Lastly, this effort is important to public health practice where observational research is conducted with the goal of identifying the best possible intervention to protect foetal health. In this case, intervention is the removal of an exposure when deemed harmful. Once clearly and convincingly identified as teratogens, swift actions are generally taken to remove the exposure and protect the foetus. This review lays out a set of steps that if taken can help to answer the question of teratogenicity of individual agents.

Compared to the embryo, the placenta may be more directly manipulated through its compensatory and highly evolved mechanisms to protect and to ensure the survival and future reproductive success of the foetus. ‘Manipulation’ refers here to intervention by removing the exposure and improving nutrition and general health. Attempts to directly alter hormone production by the placenta are at risk of going down a similar path as the DES experiment with potentially tragic consequences.

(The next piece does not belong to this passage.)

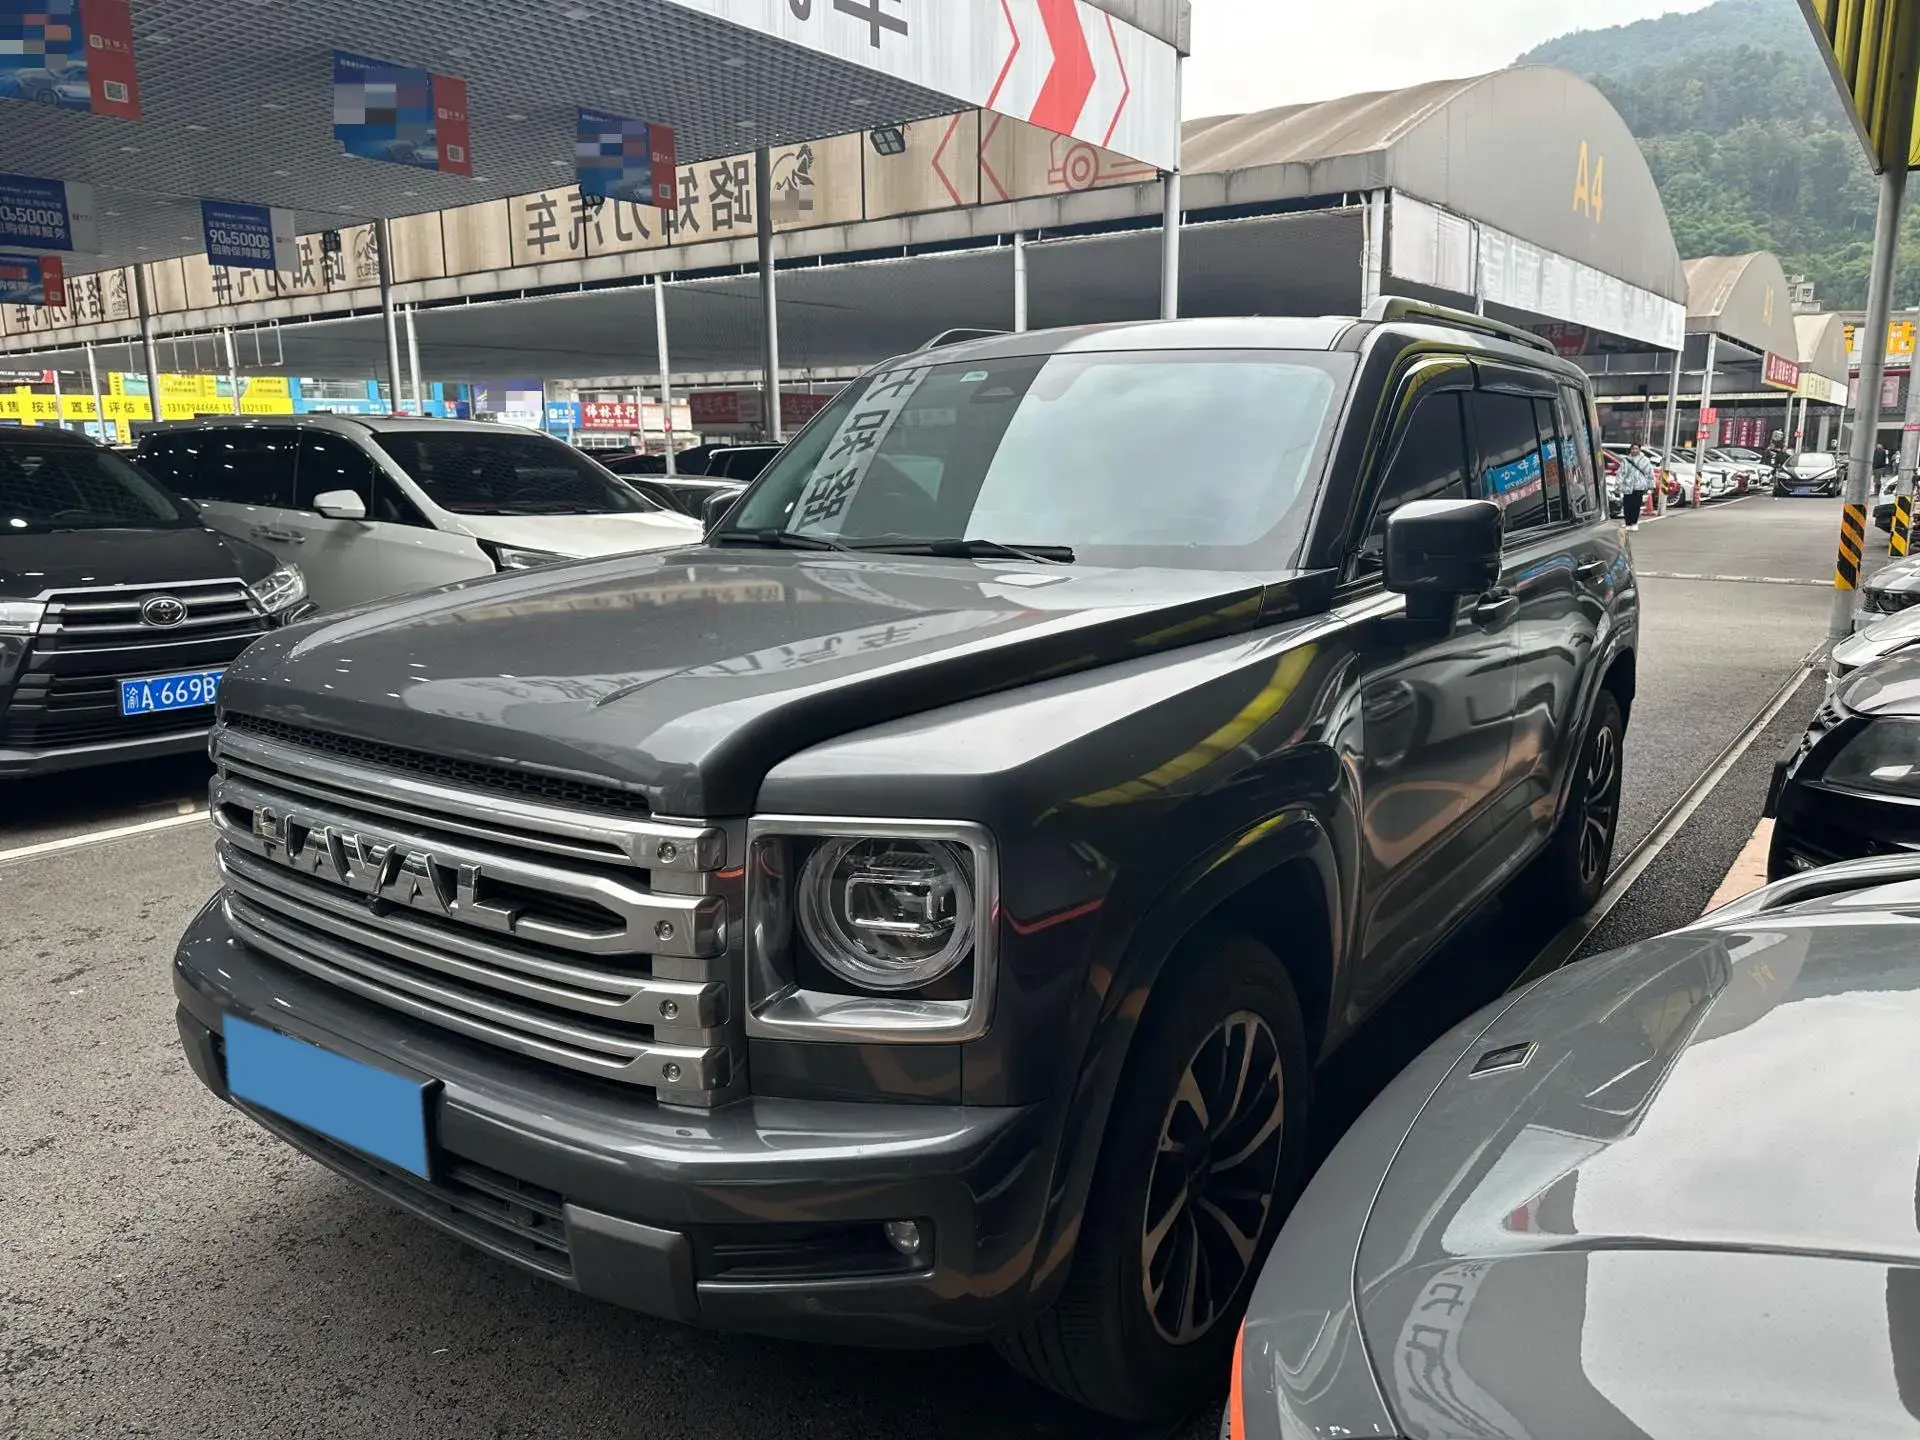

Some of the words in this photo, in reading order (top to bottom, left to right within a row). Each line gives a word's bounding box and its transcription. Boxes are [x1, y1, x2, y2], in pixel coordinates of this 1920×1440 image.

Examples of biomarkers and application of the four DAGs are provided in greater detail for DES and in less detail for other teratogens and chronic exposures. Another innovation here is to redraw the classical teratogen figure to emphasize GS morphology in the first trimester (Fig. 1). This will help correct the current practice of considering teratogens and the embryo and foetus in isolation of the GS and placenta (Moore et al., 2008). Foetal endocrine and organ development can be overlaid on the GS timeline to give greater understanding of sensitive timepoints and options for informative biomarkers, and ultimately for the interpretation of statistical relationships.

More work is needed to address rigour and reproducibility in specific statistical approaches applied to the mechanisms described here and these types of data. The application of these approaches to modelling placental mechanisms in the first trimester can grant insight into how the maternal environment contributes to child health and can support a framework for designing and evaluating interventions in the first trimester. Using these models, it will be possible to evaluate how useful a particular biomarker is, and most importantly, how strong, weak or incomplete the evidence is to declare an exposure as truly teratogenic.

Data availability

No new data were generated or analysed in support of this research.